**Records for the task**:
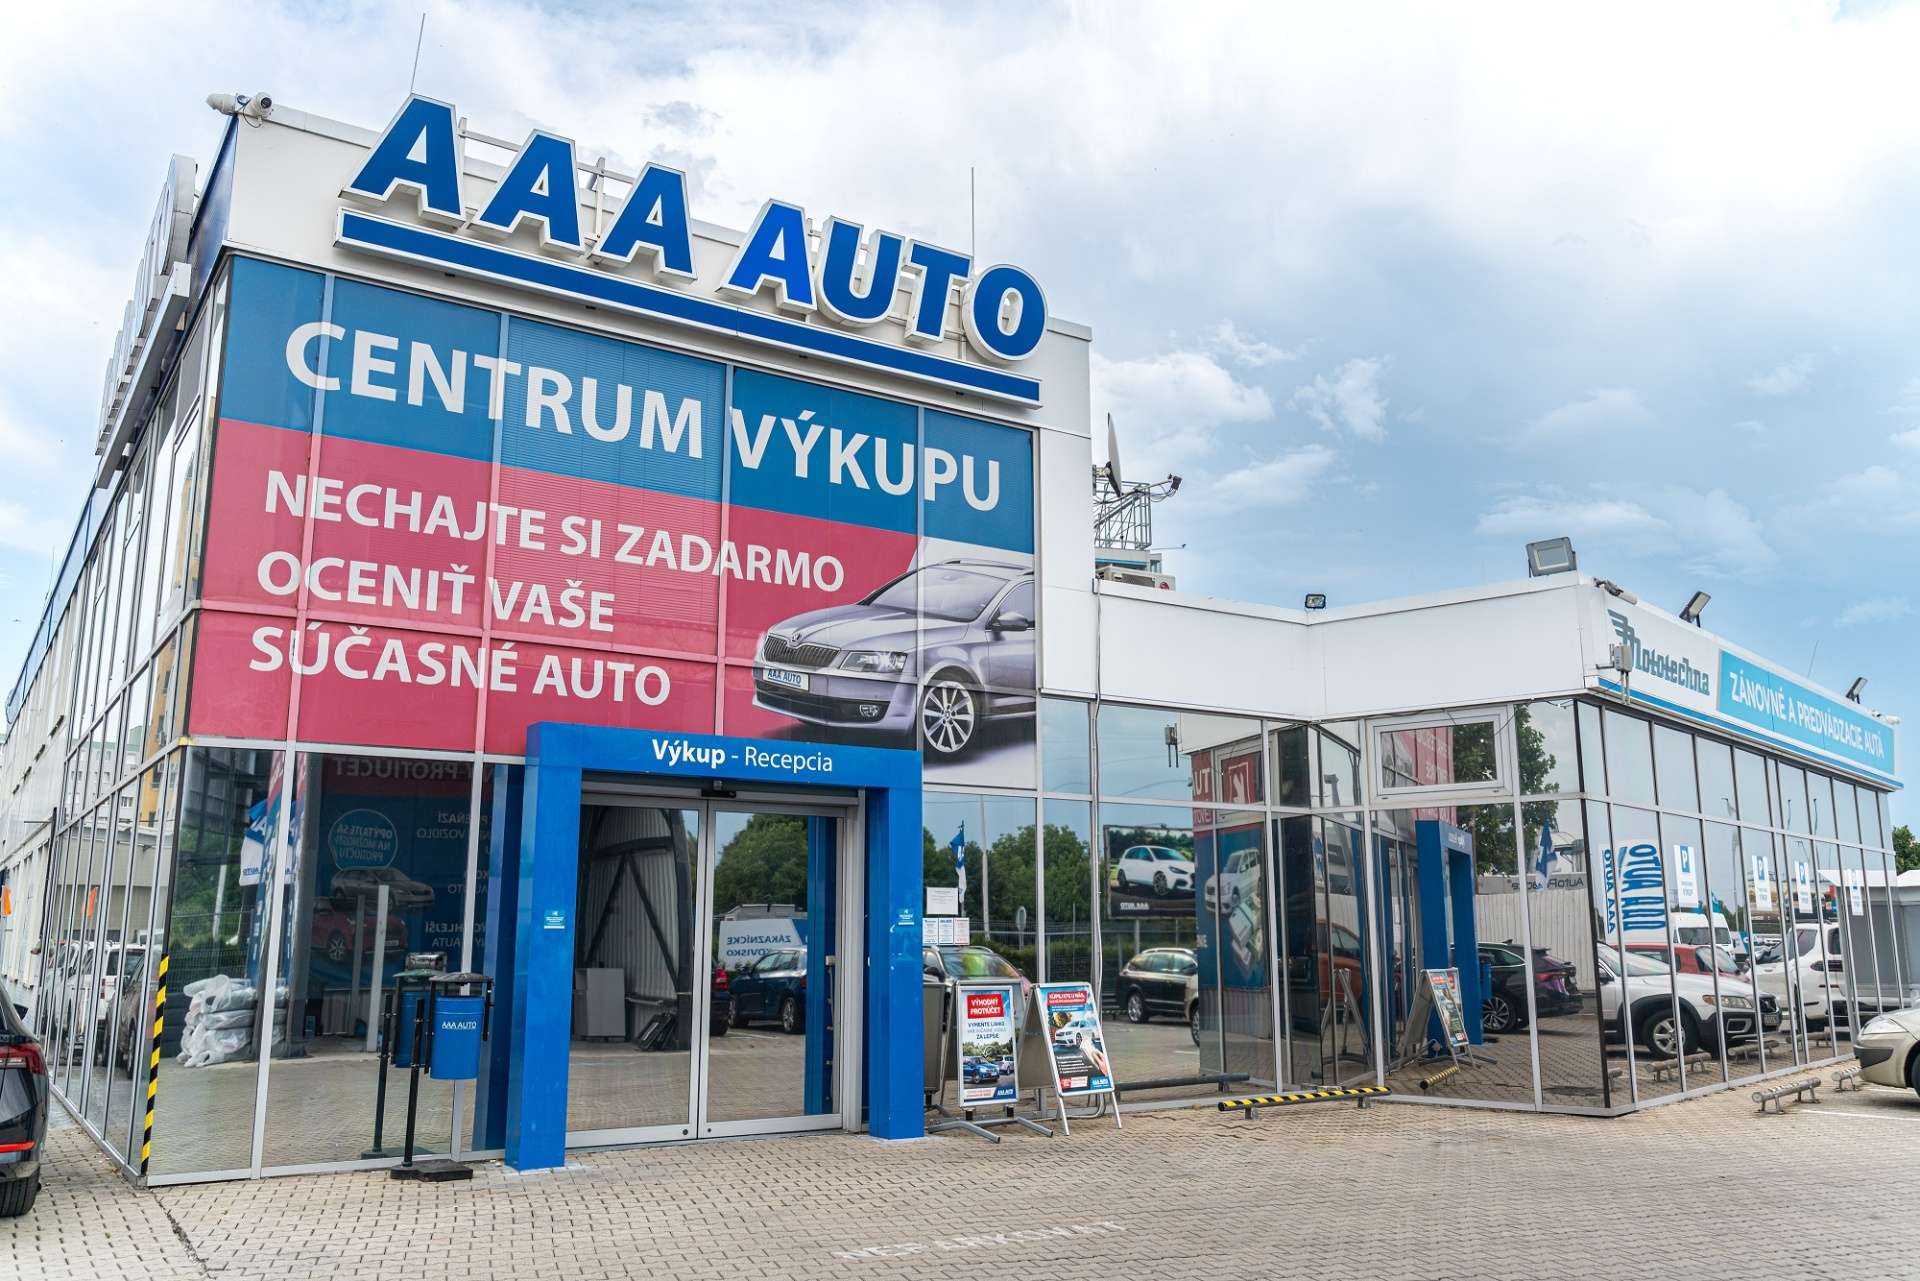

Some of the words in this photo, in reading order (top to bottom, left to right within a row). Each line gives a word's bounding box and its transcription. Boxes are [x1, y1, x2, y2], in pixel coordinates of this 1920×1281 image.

[341, 94, 697, 282] AAA
[717, 199, 1047, 361] AUTO
[285, 321, 703, 459] CENTRUM
[730, 408, 1000, 511] VÝKUPU
[265, 470, 546, 550] NECHAJTE
[560, 516, 601, 558] SI
[614, 523, 845, 592] ZADARMO
[257, 551, 475, 615] OCENIŤ
[488, 578, 615, 632] VAŠE
[249, 620, 518, 693] SÚČASNÉ
[532, 654, 671, 706] AUTO
[768, 668, 782, 679] AAA
[783, 671, 801, 684] AUTO
[652, 739, 726, 769] Výkup
[745, 747, 833, 774] Recepcia
[1730, 669, 1787, 720] ZÁNOVNÉ
[1788, 697, 1797, 724] A
[1797, 701, 1863, 751] PREDVÁDZACIE
[1864, 729, 1885, 760] AUTÁ
[442, 1021, 456, 1029] AAA
[457, 1020, 476, 1029] AUTO

**What this task involves**: Pictures in the records above should not be copied. Repeat everything else exactly.

**Output of the exercise**:
Some of the words in this photo, in reading order (top to bottom, left to right within a row). Each line gives a word's bounding box and its transcription. Boxes are [x1, y1, x2, y2], in pixel coordinates of this 1920×1281 image.

[341, 94, 697, 282] AAA
[717, 199, 1047, 361] AUTO
[285, 321, 703, 459] CENTRUM
[730, 408, 1000, 511] VÝKUPU
[265, 470, 546, 550] NECHAJTE
[560, 516, 601, 558] SI
[614, 523, 845, 592] ZADARMO
[257, 551, 475, 615] OCENIŤ
[488, 578, 615, 632] VAŠE
[249, 620, 518, 693] SÚČASNÉ
[532, 654, 671, 706] AUTO
[768, 668, 782, 679] AAA
[783, 671, 801, 684] AUTO
[652, 739, 726, 769] Výkup
[745, 747, 833, 774] Recepcia
[1730, 669, 1787, 720] ZÁNOVNÉ
[1788, 697, 1797, 724] A
[1797, 701, 1863, 751] PREDVÁDZACIE
[1864, 729, 1885, 760] AUTÁ
[442, 1021, 456, 1029] AAA
[457, 1020, 476, 1029] AUTO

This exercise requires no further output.